Here’s an only-slightly out-of-context quote from Dr Valerie Curtis, from the London School of Hygiene and Tropical Medicine: “If you see someone walking down a street, they are a seething mass of parasites. You certainly don’t want to kiss them.”
Helen Fisher, a biological anthropologist from Rutgers University, suggests that men, through their preference for sloppier kisses “are unconsciously trying to transfer testosterone to trigger the sex drive in women”. That is not only gross but also coercive.
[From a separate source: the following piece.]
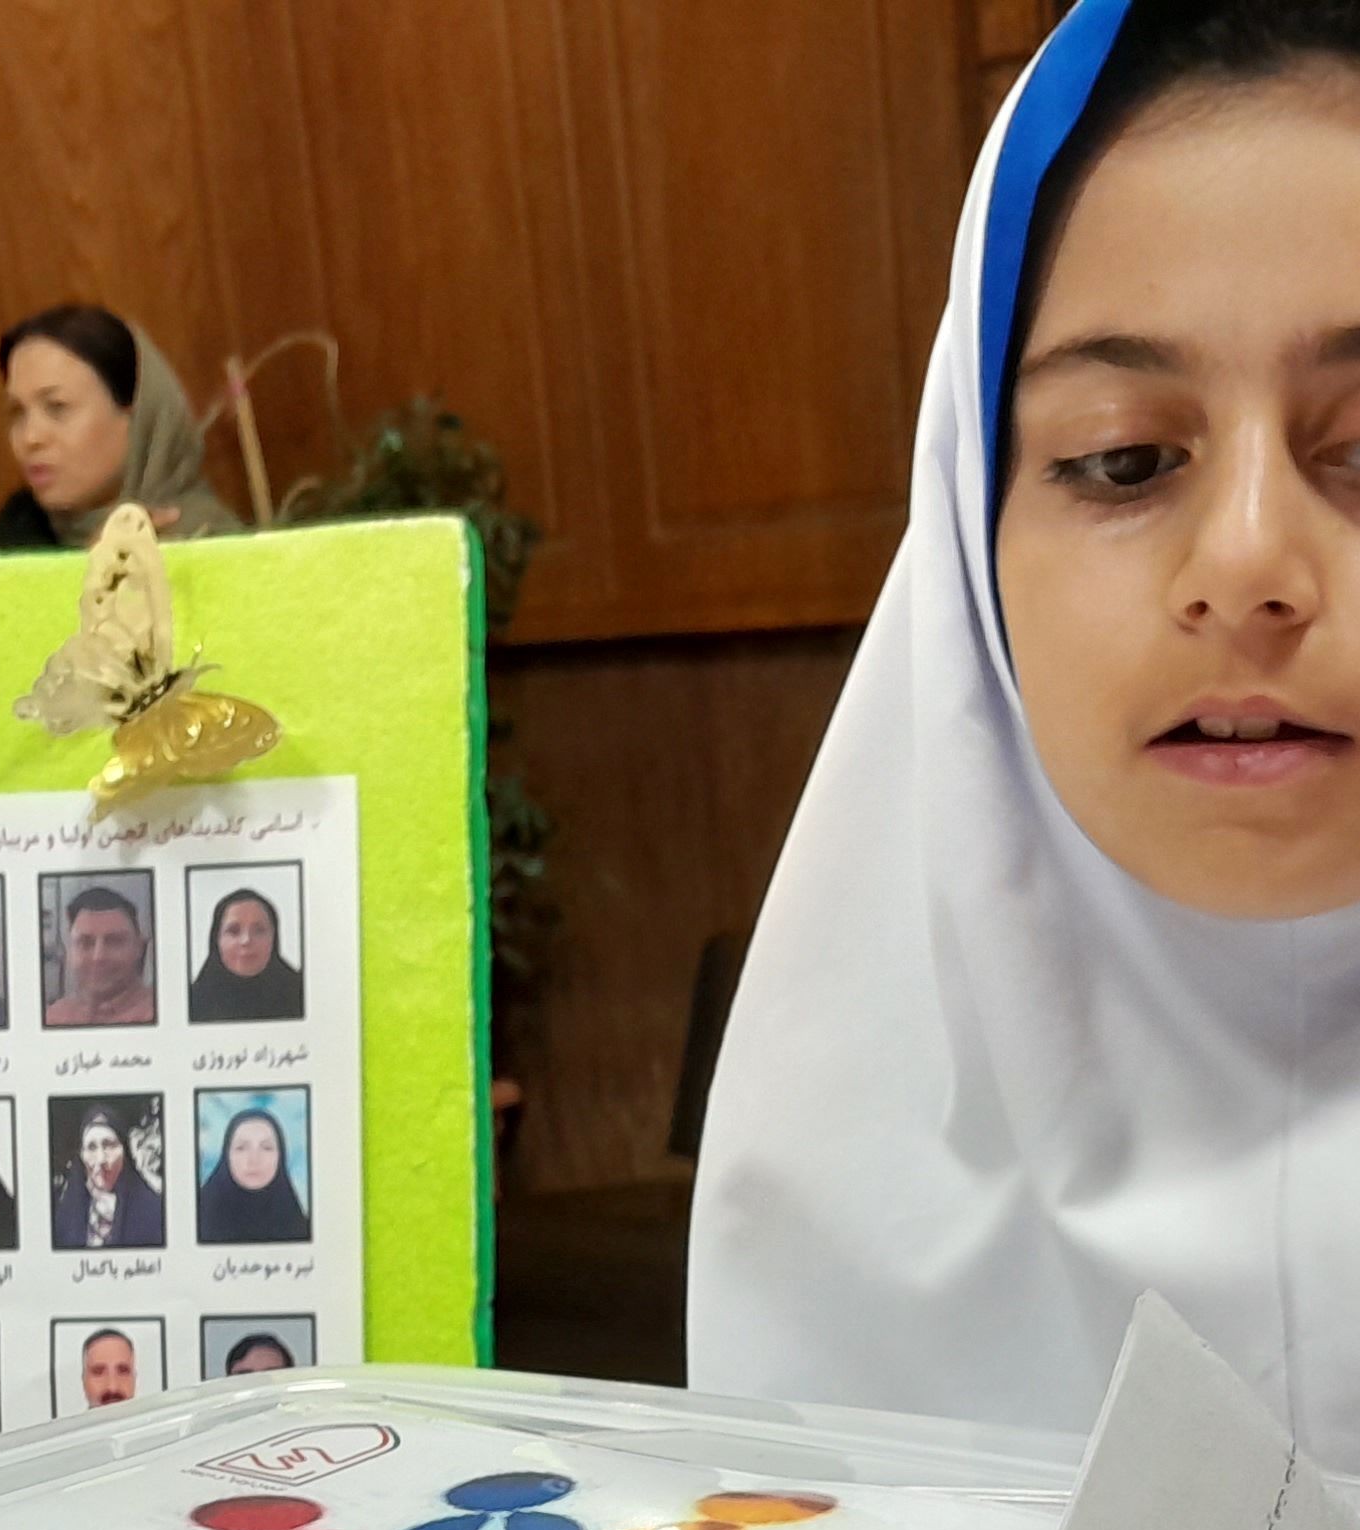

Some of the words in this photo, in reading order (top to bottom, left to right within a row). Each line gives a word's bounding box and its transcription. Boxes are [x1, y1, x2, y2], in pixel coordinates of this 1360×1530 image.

Whether you believe any or all of these experts who know far more about kissing than you do, the science is clear: your life could be changed forever, even ruined, all because of your inability to control your sub-conscious impulse to exchange masses of parasites with someone who, relationship statistics indicate, you probably won’t even much like a few years from now.
You don’t need a scientist to tell you that kissing makes you anxious. Anyone who’s ever kissed anyone else knows it’s impossible to relax during an act in which any primitive pleasure you might feel is leavened with the possibility of gonorrhea and/or babies.
If you don’t believe that, here is a partial list from Google’s “People also search for” box:
Why do I get a sore throat after kissing my boyfriend
How does a kiss taste
Why is he acting weird after we kissed
Can you get sick from kissing after oral
What are signs of STDs in your mouth
How long does another person’s bacteria stay in your mouth after kissing.
Yes, kissing is pleasurable but so is throwing large objects from tall buildings. Is the pursuit of pleasure a good use of your time? Not according to historical figures as spatially and temporally disparate as Socrates, Jesus, the Dalai Lama, and many neuroscientists you’ve never heard of.
Buddhist monk Matthieu Ricard, who has spent more time meditating in brain scanners than anyone alive, and has been near-universally described as the happiest person on Earth, hasn’t kissed anyone for decades. He once described to a GQ interviewer kissing’s natural endpoint – sex – as a “mechanical quest for sensual pleasures” resulting in “obsession and, ultimately, disenchantment”.
When you really think about it, kissing is so obviously stupid that we would surely have long ago stopped doing it if our brain chemistry hadn’t evolved in such a way as to override our ability to think clearly whenever someone offers to spit in our face.
The best curative for kissing – as for most stupid human endeavours – can be found in The Guinness Book of Records.
The book records the longest unbroken human kiss as lasting 58 hours – a record that will never be broken because it stopped allowing new record attempts in 2013, believing they had become too dangerous.
Until that point, would-be record-holders had to remain kissing while drinking, eating and even going to the toilet, which they had to do in front of a referee (the wearing of nappies and other incontinence products was explicitly prohibited).
The Guinness Book website contains several photos of couples in the midst of record attempts and looking at any one of them is enough to put you off kissing forever. The couples appear dishevelled, bored, exhausted and constipated. Their skin is waxy, their eyes dead. They seem to have literally sucked the life from each other’s bodies.
Society has for decades been flooded with idealised and misleading images of people kissing: Jake and Heath on Brokeback Mountain, Leo and Kate on Titanic and so on. I have no doubt our species and planet would be in far better shape if we spent less time looking at that sort of romanticised, idealised nonsense and more time looking into the emotional chasm between the severely chapped lips of married record-holders Ekkachai and Laksana Tiranarat, whose most memorable relationship moment will forever be the time they kissed while going to the toilet in front of a stranger.